Historia de Guadix

  • La zona en la que se asienta Guadix ha estado habitada desde la prehistoria y se trata de uno de los asentamientos humanos más antiguos de España por su condición de cruce de caminos. Se han encontrado restos del Neandertal, Paleolítico Superior y Edad de los Metales. Los fenicios y cartagineses la llamaron 'Acci' de donde deriva el actual nombre. Fue una importante colonia romana a orillas de la Vía Augusta. Incluso fue Julio César quien la elevó a colonia en el 45 a.C. y la llamó Julia Gemela Acci. Durante esta época se realiza el acuñamiento de monedas de diversos valores. En la época goda el municipio entró en decadencia, aunque el carácter episcopal de la ciudad le hace tener peso en los distintos concilios.
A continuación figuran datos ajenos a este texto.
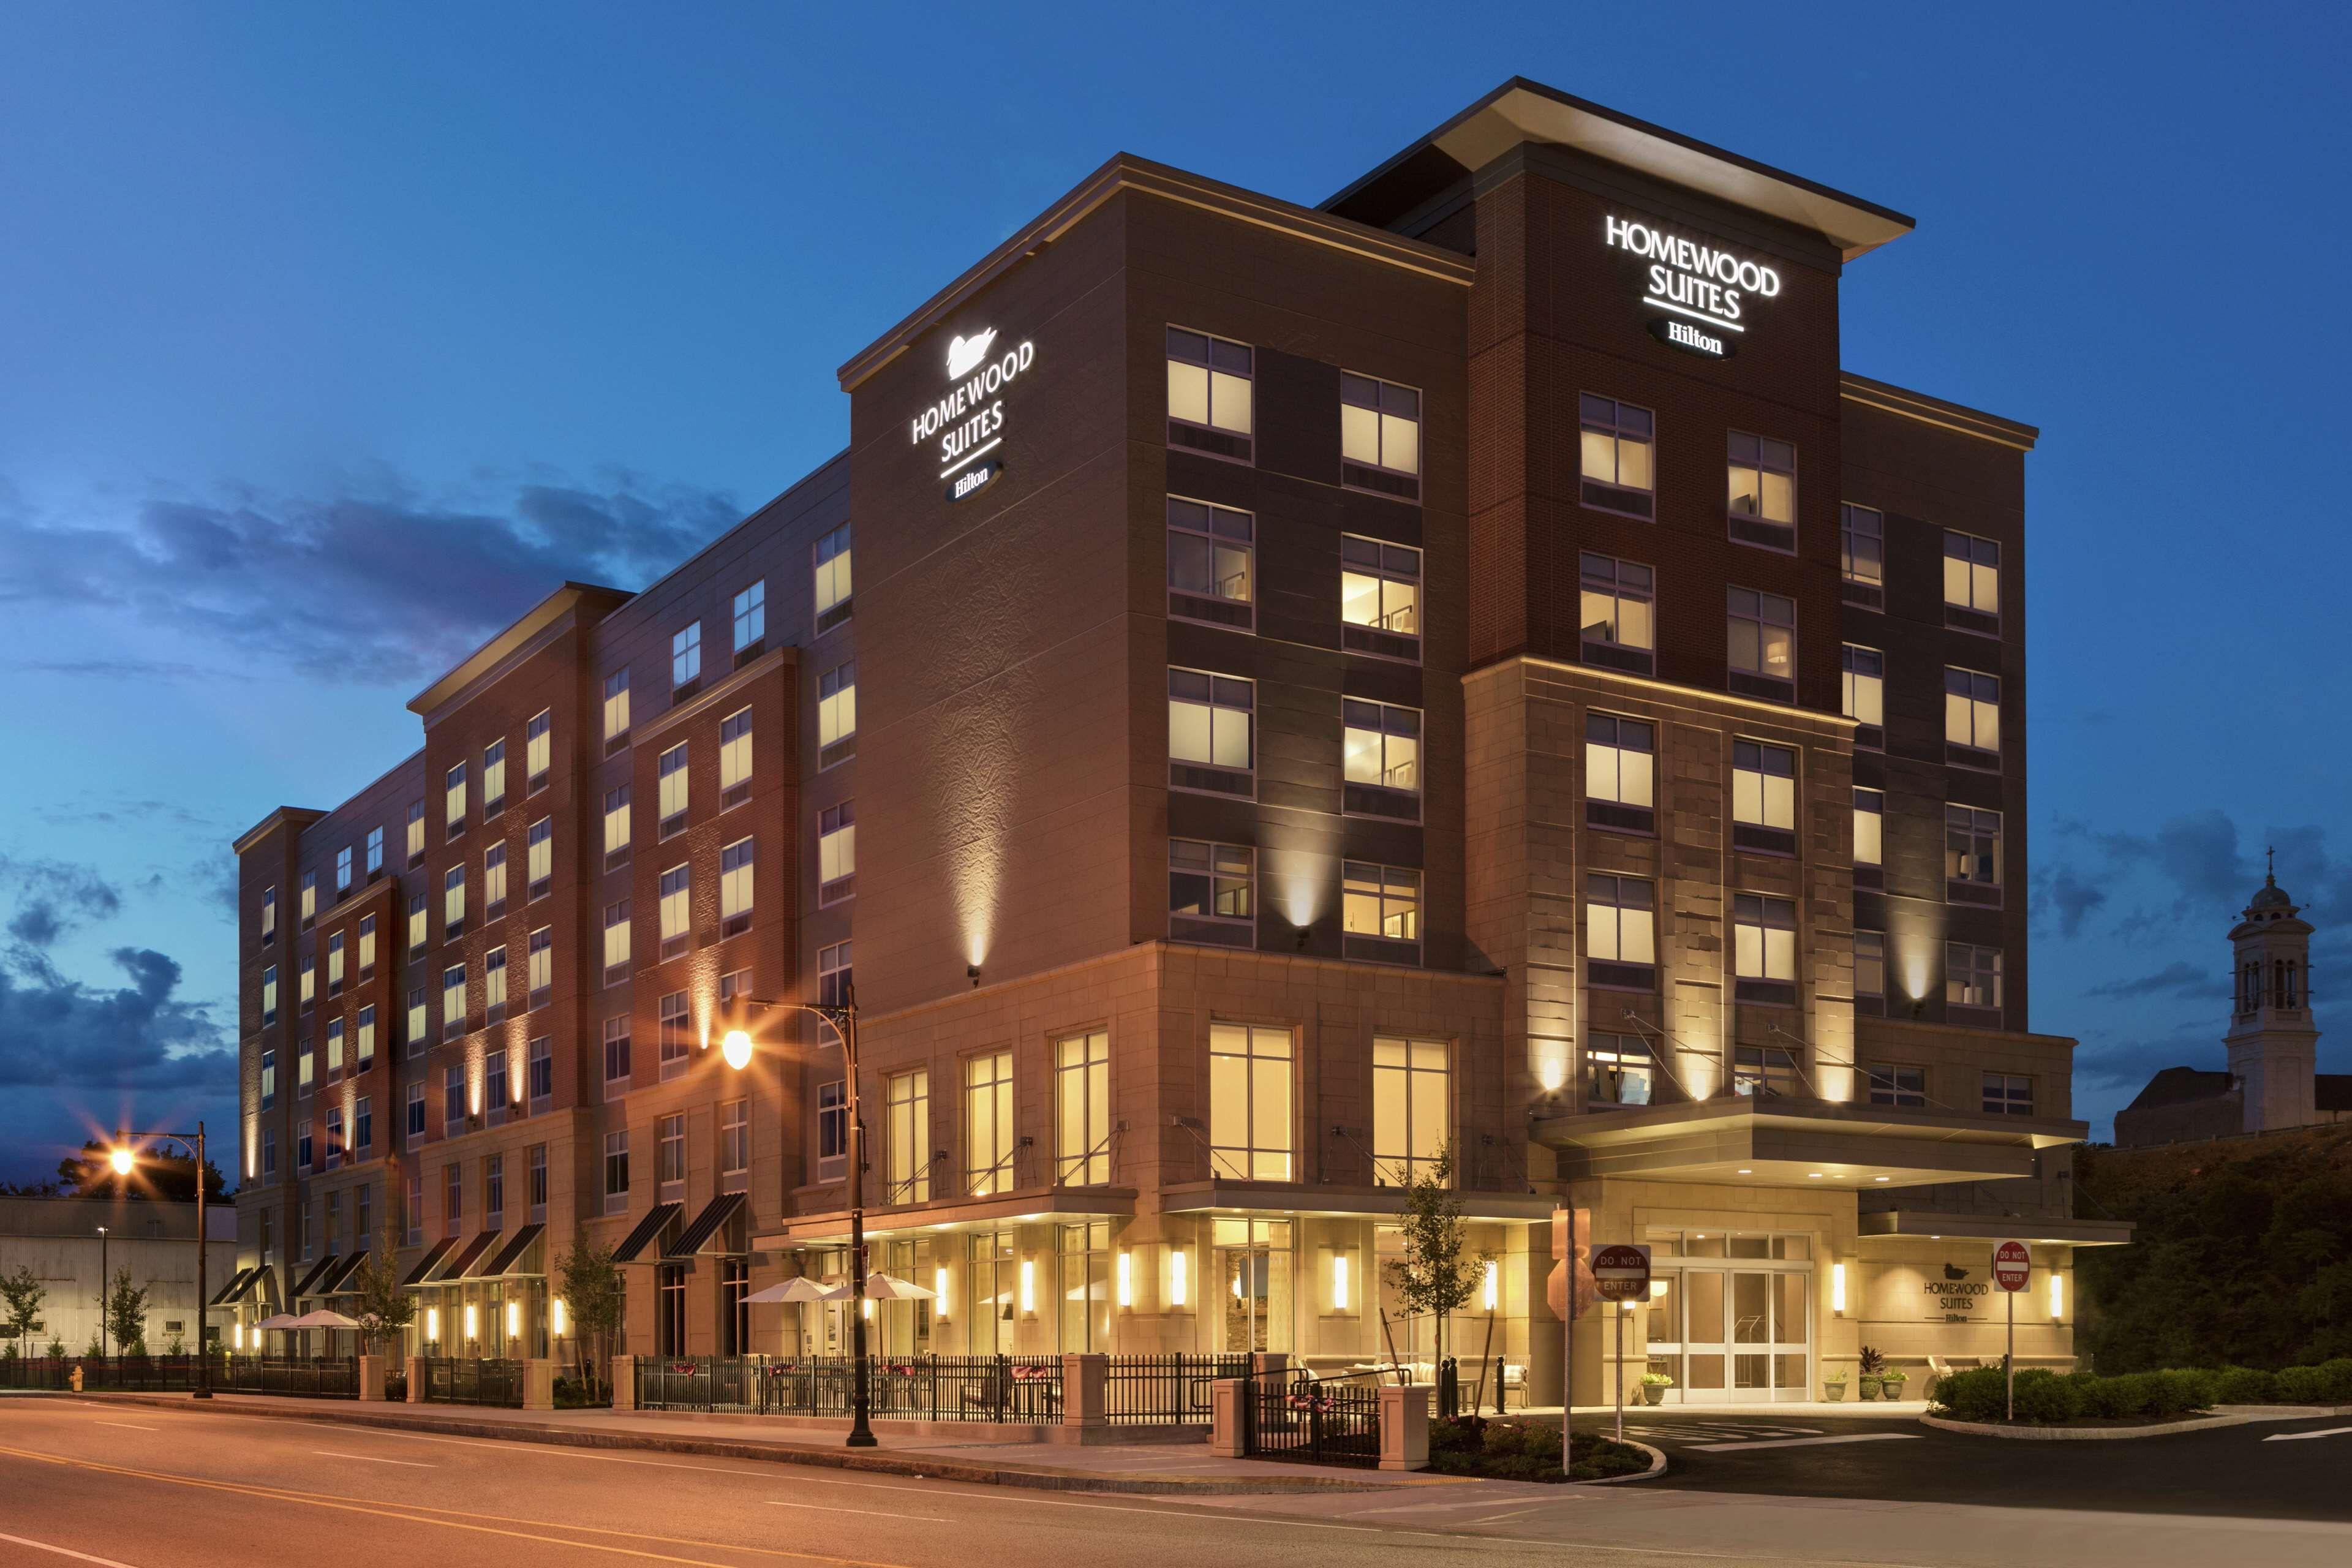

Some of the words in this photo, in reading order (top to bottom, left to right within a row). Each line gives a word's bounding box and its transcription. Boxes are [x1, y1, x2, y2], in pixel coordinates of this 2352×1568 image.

Los musulmanes le devolvieron su protagonismo dotándolo de su fisonomía árabe. Durante este período, Guadix vive etapas de luces y de sombras, esplendor y decadencia. Es en el siglo X cuando Abderramán III le concede gran importancia militar. Con las guerras civiles en las últimas fases de la dinastía nazarí, se convierte en capital del efímero reino encabezado por 'El Zagal'. Se convierte en sede del corregimiento y enclave episcopal gracias al papel jugado por el arzobispo de Toledo, Rodrigo González de Mendoza.
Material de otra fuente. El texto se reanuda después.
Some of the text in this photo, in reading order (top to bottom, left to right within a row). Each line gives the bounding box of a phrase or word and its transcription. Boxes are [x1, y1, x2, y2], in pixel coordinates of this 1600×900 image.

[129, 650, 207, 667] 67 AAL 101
En el año 1489 es entregada a los Reyes Católicos y los musulmanes quedaron relegados a los arrabales. Años más tarde, con la sublevación de los moriscos, estos fueron expulsados del municipio. A esta etapa le siguen tiempos de vuelta de forma clandestina de algunos de los exiliados. Éstos construyen sus viviendas en el entorno urbano dando lugar a lo que hoy conocemos como casas cueva. Durante la dinastía de los Austria y Borbones, Guadix se convierte en ciudad del antiguo régimen y posteriormente es protagonista de las quejas de sus vecinos a la Corona. En el siglo XIX, con la invasión de las tropas napoleónicas, se suceden períodos de decadencia y prosperidad.